◆ **Required work**:
Exclude the images, then return every line below exactly as written.
—————
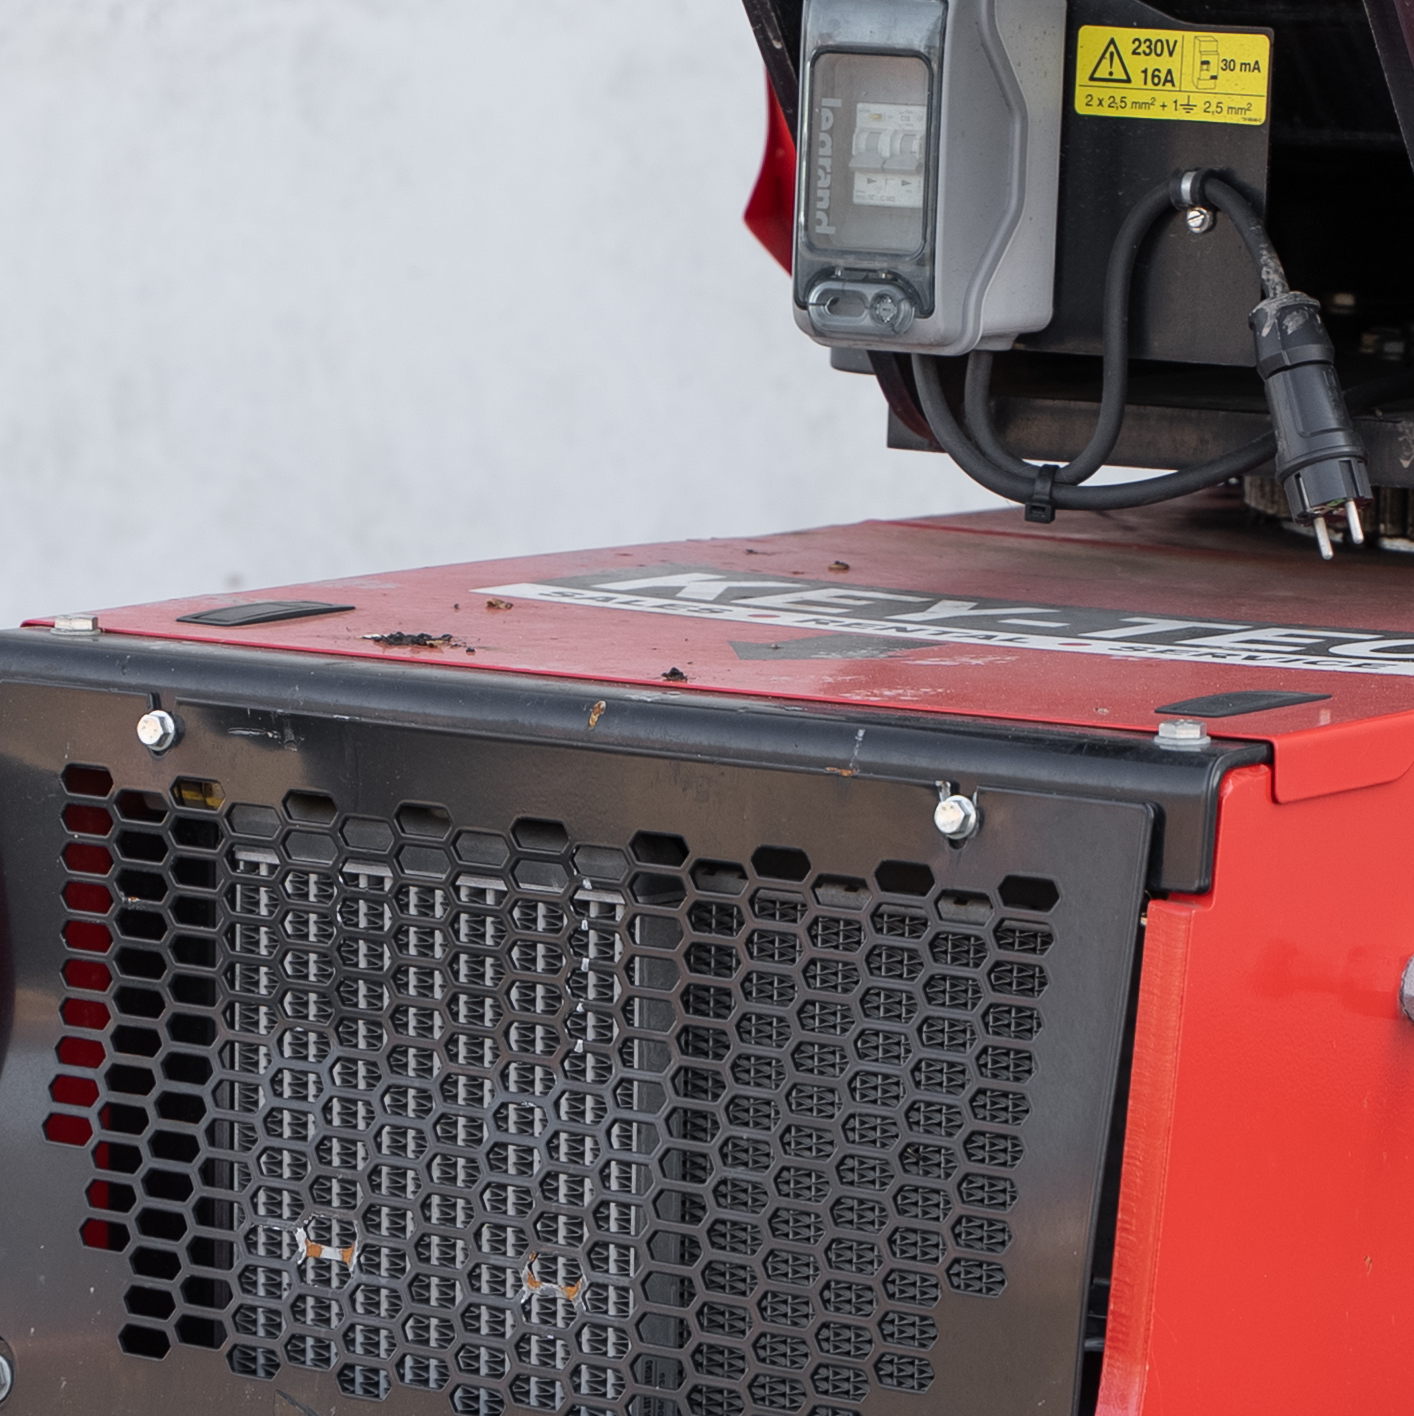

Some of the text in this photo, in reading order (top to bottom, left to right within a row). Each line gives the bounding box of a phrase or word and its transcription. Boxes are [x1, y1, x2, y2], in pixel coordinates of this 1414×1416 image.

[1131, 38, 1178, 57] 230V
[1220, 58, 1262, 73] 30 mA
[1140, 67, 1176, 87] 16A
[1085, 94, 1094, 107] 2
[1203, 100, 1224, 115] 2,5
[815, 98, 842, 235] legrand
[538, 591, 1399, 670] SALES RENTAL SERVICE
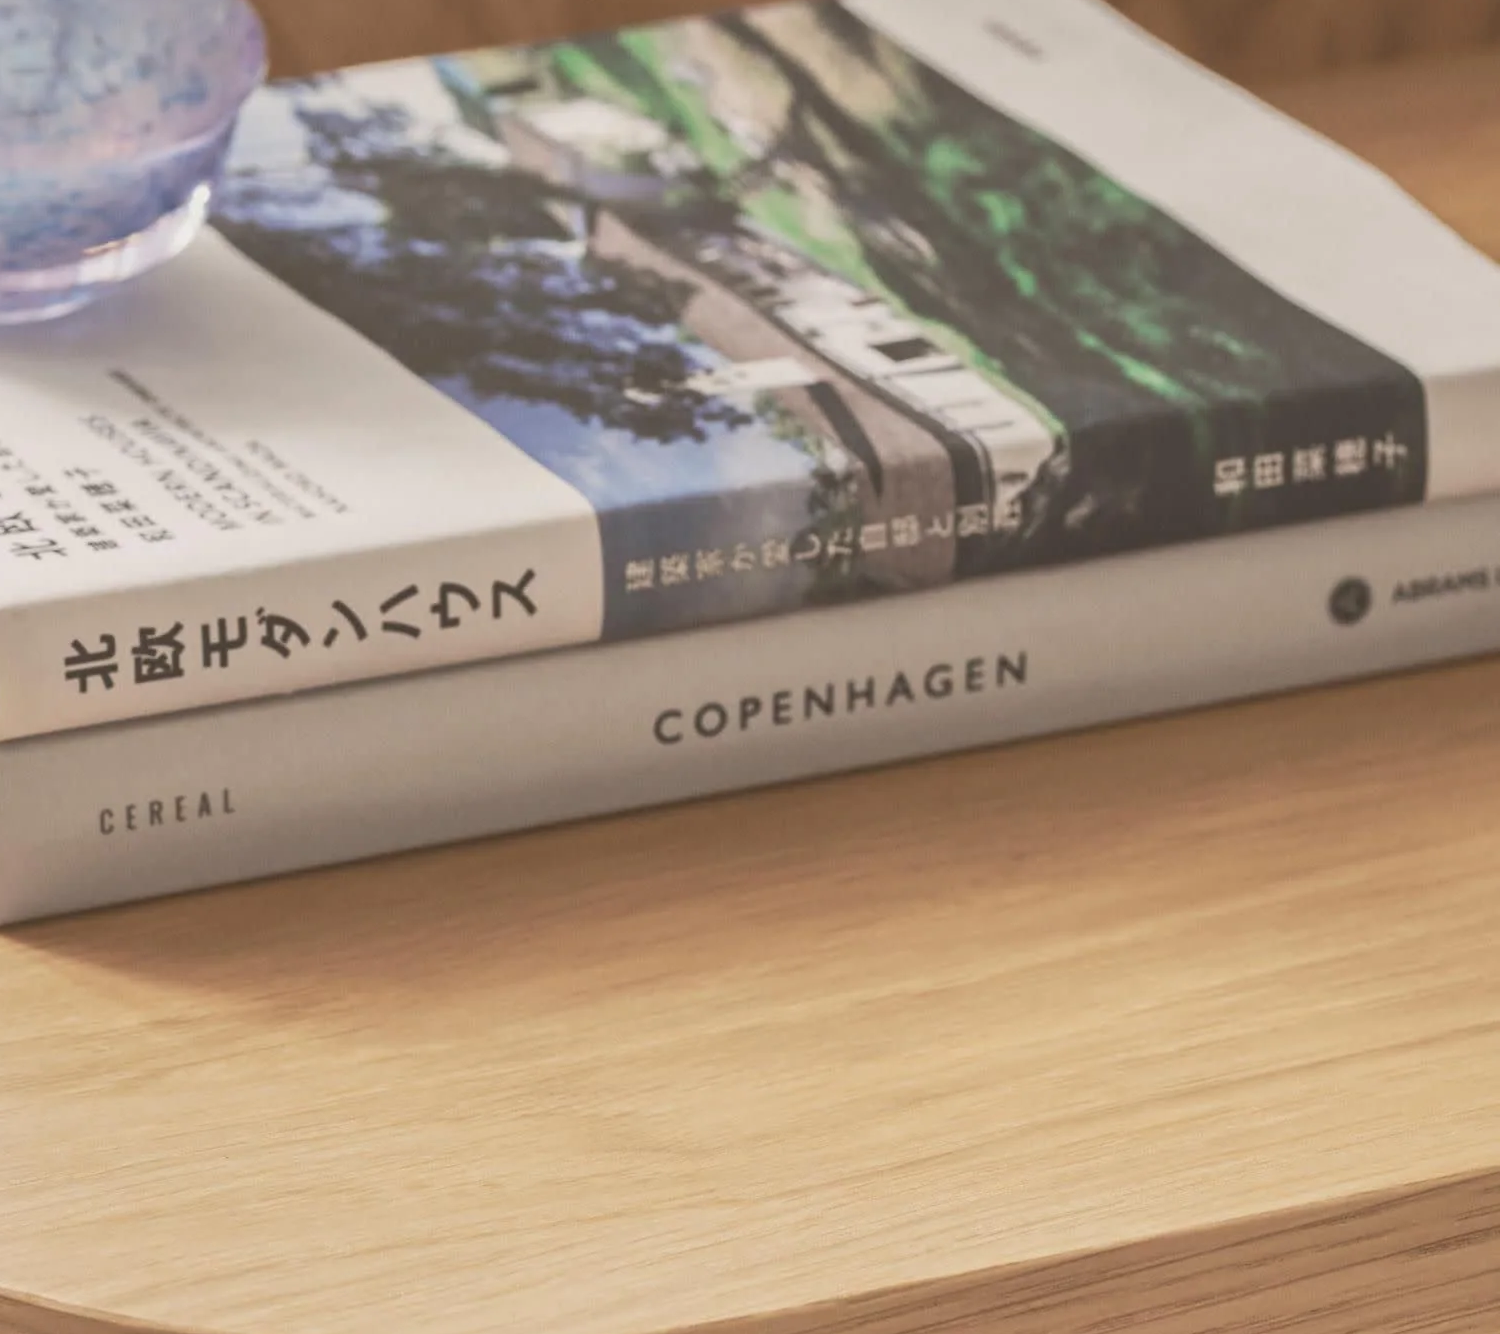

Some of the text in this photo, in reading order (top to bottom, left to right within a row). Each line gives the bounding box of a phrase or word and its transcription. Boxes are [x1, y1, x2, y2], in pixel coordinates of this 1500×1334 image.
—————
◆ **Exercise result**:
Some of the text in this photo, in reading order (top to bottom, left to right within a row). Each line gives the bounding box of a phrase or word and its transcription. Boxes are [x1, y1, x2, y2], in pixel coordinates of this 1414×1416 image.

[1131, 38, 1178, 57] 230V
[1220, 58, 1262, 73] 30 mA
[1140, 67, 1176, 87] 16A
[1085, 94, 1094, 107] 2
[1203, 100, 1224, 115] 2,5
[815, 98, 842, 235] legrand
[538, 591, 1399, 670] SALES RENTAL SERVICE

Some of the text in this photo, in reading order (top to bottom, left to right within a row). Each line gives the bounding box of a phrase or word and its transcription. Boxes are [x1, y1, x2, y2], in pixel coordinates of this 1500×1334 image.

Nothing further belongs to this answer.